In vier Etappen wird die Rolle der Zeit in Wittgensteins Philosophie der Mathematik dargestellt:
    1. Die Zeit bei Wittgenstein
    2. Die Unzeitlichkeit mathematischer Sätze
    3. Mathematik und Filme
    4. Mathematik und Tanzen Dabei wird gelegentlich auf Simone Weil und Henri Bergson Bezug genommen.

Table of contents

    In vier Etappen wird die Rolle der Zeit in Wittgensteins Philosophie der Mathematik dargestellt:
        (1) Die Zeit bei Wittgenstein
        (2) Die Unzeitlichkeit mathematischer Sätze
        (3) Mathematik und Filme
        (4) Mathematik und Tanzen
    Dabei wird gelegentlich auf Simone Weil und Henri Bergson Bezug genommen.

    1. Die Zeit bei Wittgenstein

    Die Frage nach der Herkunft der Zeit weist Wittgenstein als philosophisches Problem im Wesentlichen von sich:

    Nun: könnten wir von Minuten und Stunden reden, wenn es keinen Zeitsinn gäbe? (BGM VII §18)

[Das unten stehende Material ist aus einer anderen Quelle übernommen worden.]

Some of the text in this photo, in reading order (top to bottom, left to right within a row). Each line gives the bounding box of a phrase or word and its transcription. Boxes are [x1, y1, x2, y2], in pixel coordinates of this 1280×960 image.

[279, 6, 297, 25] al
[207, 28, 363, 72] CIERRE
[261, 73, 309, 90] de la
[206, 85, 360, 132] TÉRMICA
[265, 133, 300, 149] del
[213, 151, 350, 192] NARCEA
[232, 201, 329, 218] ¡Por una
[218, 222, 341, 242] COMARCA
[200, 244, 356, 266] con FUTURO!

    Der Verweis auf einen „Zeitsinn“ bringt Fragen nach einer phänomenologischen oder begründungstheoretischen Fundierung des Zeitbegriffs zum Verstummen. Allerdings lässt sich die Rolle von Zeit aufgrund einiger Bemerkungen positionieren:

    Denken wir uns, ein Gott schaffe in einem Augenblick in der Mitte der Wüste ein Land, das zwei Minuten lang existiert und das genaue Abbild eines Teiles von England ist, mit alldem was in zwei Minuten da vorgeht. [...] Einer dieser Leute tut genau das, was ein Mathematiker in England tut, der gerade eine Berechnung macht. – Sollen wir sagen, dieser Zwei-Minuten-Mensch rechne? (BGM VI §34)

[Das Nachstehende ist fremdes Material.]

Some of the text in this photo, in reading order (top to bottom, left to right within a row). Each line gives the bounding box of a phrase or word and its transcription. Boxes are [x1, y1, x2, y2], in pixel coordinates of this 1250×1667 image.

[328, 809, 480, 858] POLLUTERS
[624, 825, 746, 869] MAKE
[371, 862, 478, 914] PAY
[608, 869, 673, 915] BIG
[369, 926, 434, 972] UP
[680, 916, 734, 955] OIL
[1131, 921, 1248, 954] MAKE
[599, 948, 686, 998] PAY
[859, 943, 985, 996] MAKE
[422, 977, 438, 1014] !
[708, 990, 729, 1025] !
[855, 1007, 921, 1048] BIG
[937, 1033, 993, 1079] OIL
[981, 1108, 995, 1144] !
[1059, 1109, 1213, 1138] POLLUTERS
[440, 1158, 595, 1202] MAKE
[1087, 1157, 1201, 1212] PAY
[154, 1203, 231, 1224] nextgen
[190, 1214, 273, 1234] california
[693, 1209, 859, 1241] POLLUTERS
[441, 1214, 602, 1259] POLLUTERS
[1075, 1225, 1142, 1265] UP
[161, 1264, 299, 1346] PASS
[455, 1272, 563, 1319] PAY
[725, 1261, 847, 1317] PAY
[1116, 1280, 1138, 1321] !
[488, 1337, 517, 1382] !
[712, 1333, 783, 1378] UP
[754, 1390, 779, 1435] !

    Die Zeit verhilft Tätigkeiten zu deren Namen (auch dem Betreiben von Mathematik): Gewisse Handlungen würden gar nicht oder nicht so bezeichnet werden, wären sie nicht in eine Praxis eingebunden, die schon lange existiert.

    Menschen haben geglaubt, sie können Regeln machen; warum sollte ein König nicht in dem Glauben erzogen werden, mit ihm habe die Welt begonnen? Und wenn nun Moore und dieser König zusammenkämen und diskutierten, könnte Moore wirklich seinen Glauben als den richtigen erweisen? Ich sage nicht, daß Moore den König nicht zu seiner Anschauung bekehren könnte, aber es wäre eine Bekehrung besonderer Art: Der König würde dazu gebracht, die Welt anders zu betrachten. (ÜG §92)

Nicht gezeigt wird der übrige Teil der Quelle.